In October, Gen. Mark A. Milley, chair of the Joint Chiefs of Staff, said that China’s recent test of a highly advanced hypersonic weapons system was “very close” to a Sputnik moment — a reference to the Soviet Union’s deployment of the first artificial satellite in 1957 that kicked off the Space Age and triggered panic in the Eisenhower administra­tion. Launched from orbiting rockets and traveling at speeds up to 3,800 mph, hypersonic glide vehicles are seen as ideal for sneak attacks because they are less susceptibl­e to traditiona­l missile detection and defense.

In November, the Center for Strategic and Internatio­nal Studies reported that China was completing work on its first modern, advanced aircraft carrier — one that features technology that previously only the U.S. and France have had.

This week, The Wall Street Journal broke the huge story that Beijing was seeking to build its first military base on the Atlantic Ocean in the Central African country of Equatorial Guinea. It already has a base on the Indian Ocean in the East African nation of Djibouti, seeks a second such base in Cambodia and has built seven heavily fortified islands — three with airstrips — in the southwest Pacific Ocean.

What are China’s goals? The most obvious is to intimidate Taiwan — an island nation that broke from mainland China after World War II — to the point where Taipei accepts tacit or explicit domination by Beijing.

But Xi has far more ambitious hopes. He has said publicly that his intent is for China to have the strongest military on the planet, one able to “fight and win” a major war with the United States by 2049.

Having such a distant goal makes sense given how far the U.S. is ahead of China in aircraft carriers, in most areas of military technology, and in the expertise and experience of its military. While it has grown steadily, the annual Chinese military budget is still less than one-third the size of the U.S. budget.

But Americans should not be complacent.
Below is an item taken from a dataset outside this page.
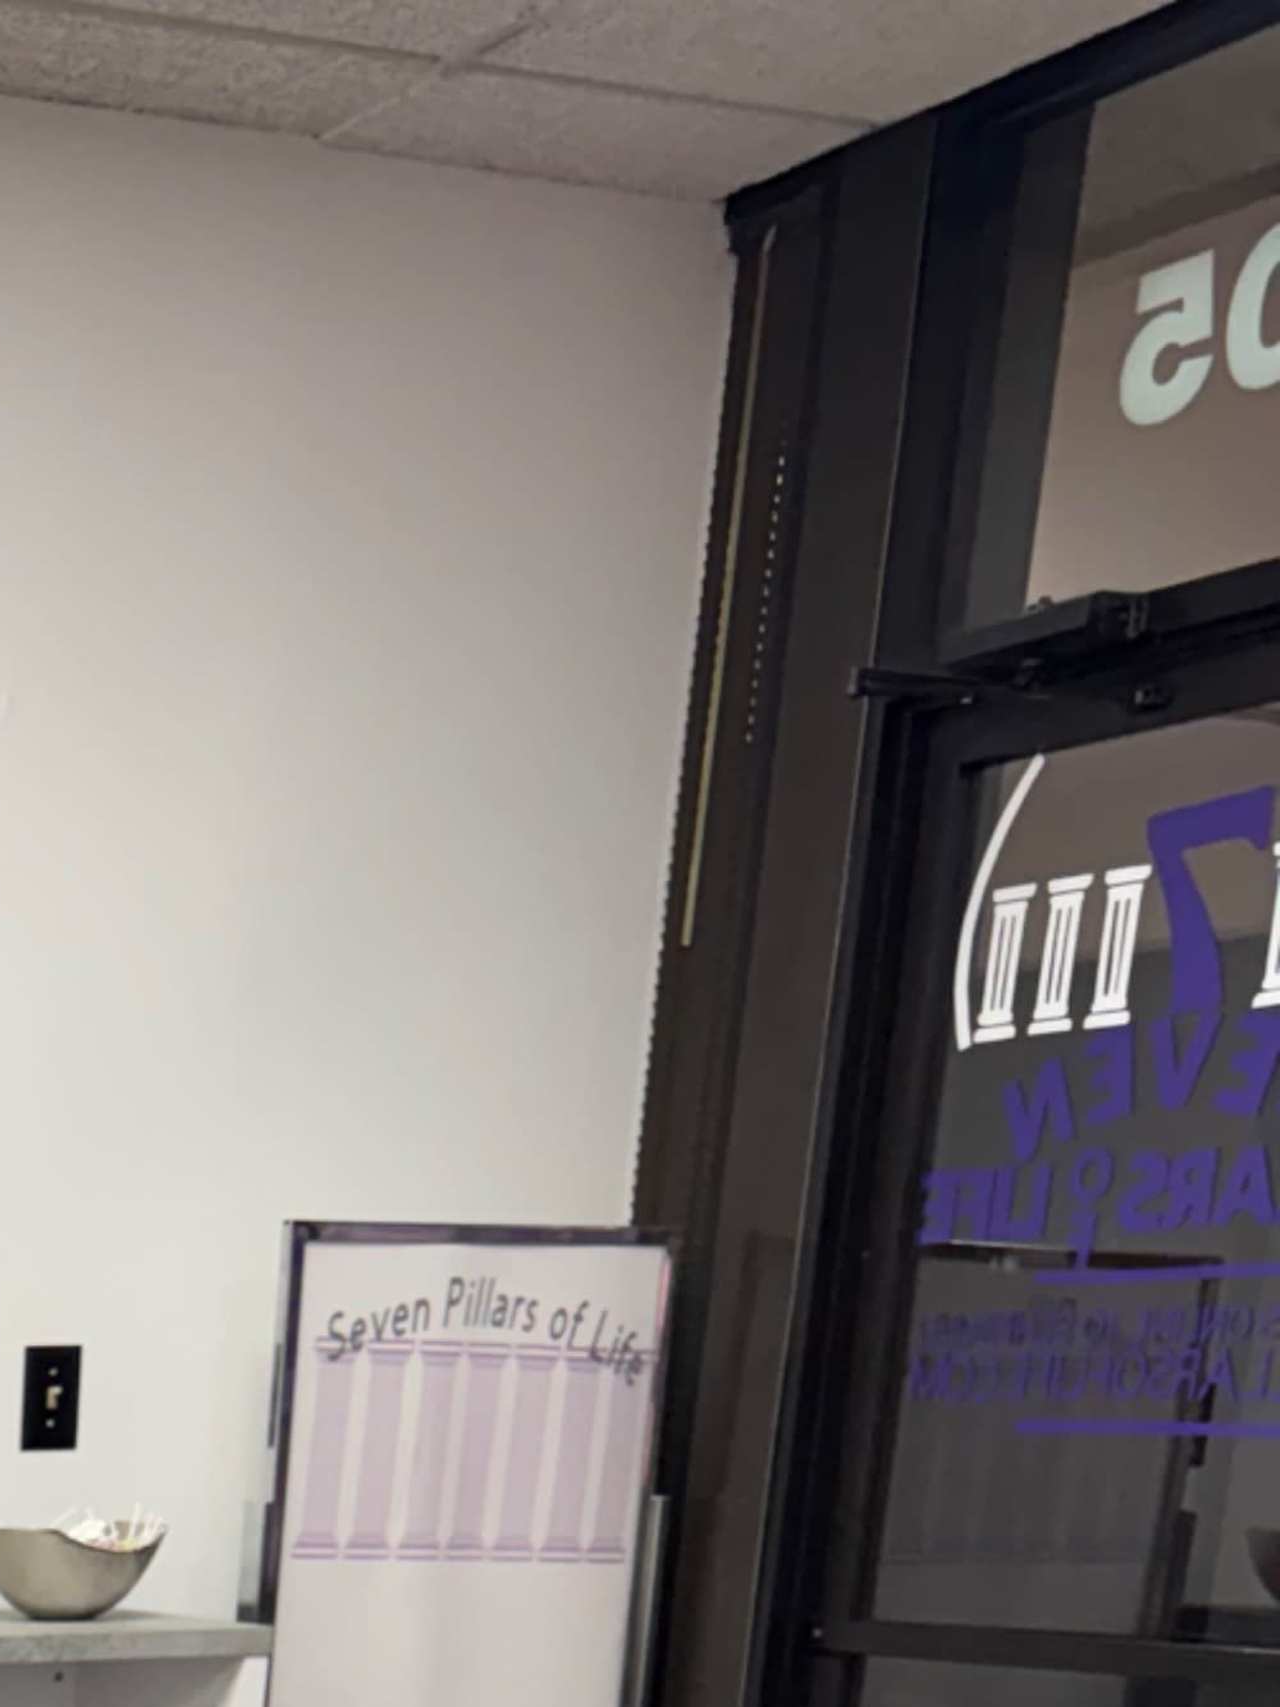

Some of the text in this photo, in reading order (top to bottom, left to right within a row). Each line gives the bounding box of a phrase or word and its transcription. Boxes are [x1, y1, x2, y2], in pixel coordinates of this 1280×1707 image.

[326, 1275, 646, 1387] Seven Pillars of Life
Beijing is a more daunting Cold War rival than Moscow. The Soviet economy was never a threat to approach the size of the U.S. economy, as China has now done. And the Soviets didn’t have the scientific chops to launch a serious effort to geneticall­y engineer baby geniuses and super soldiers, as China has been doing for years.

Beijing may also have an advantage that Moscow never did before the Soviet Union collapsed in 1991: a U.S. that is so politicall­y divided that it wouldn’t react with bipartisan resolve to an act of war, such as Japan’s attack on Pearl Harbor in 1941, or to a national catastroph­e, such as 9/11.

The isolationi­st wing of the Republican Party used to be tiny — most notably, Pat Buchanan and Ron

Paul. But Donald Trump convinced many in the GOP that America’s allies take advantage of us. If Trump or someone like him was in charge, would the U.S. even defend Britain, its strong ally for more than a century — much less Taiwan? And if a convention­al politician were president, would those on the other side of the aisle in Congress want her or him to win a war — or face an Afghanista­n-style quagmire?

These scenarios would have seemed unfathomab­le in the heyday of Bob Dole, just a generation ago. But in 2021, the intensity of partisansh­ip has warped the nation. When many Republican­s and many Democrats consider those in the other party to be enemies, the ancient proverb that “the enemy of my enemy is my friend” has scary implicatio­ns for U.S. military and foreign policy.

If war broke out, would those in the party opposite the president’s even want America to win?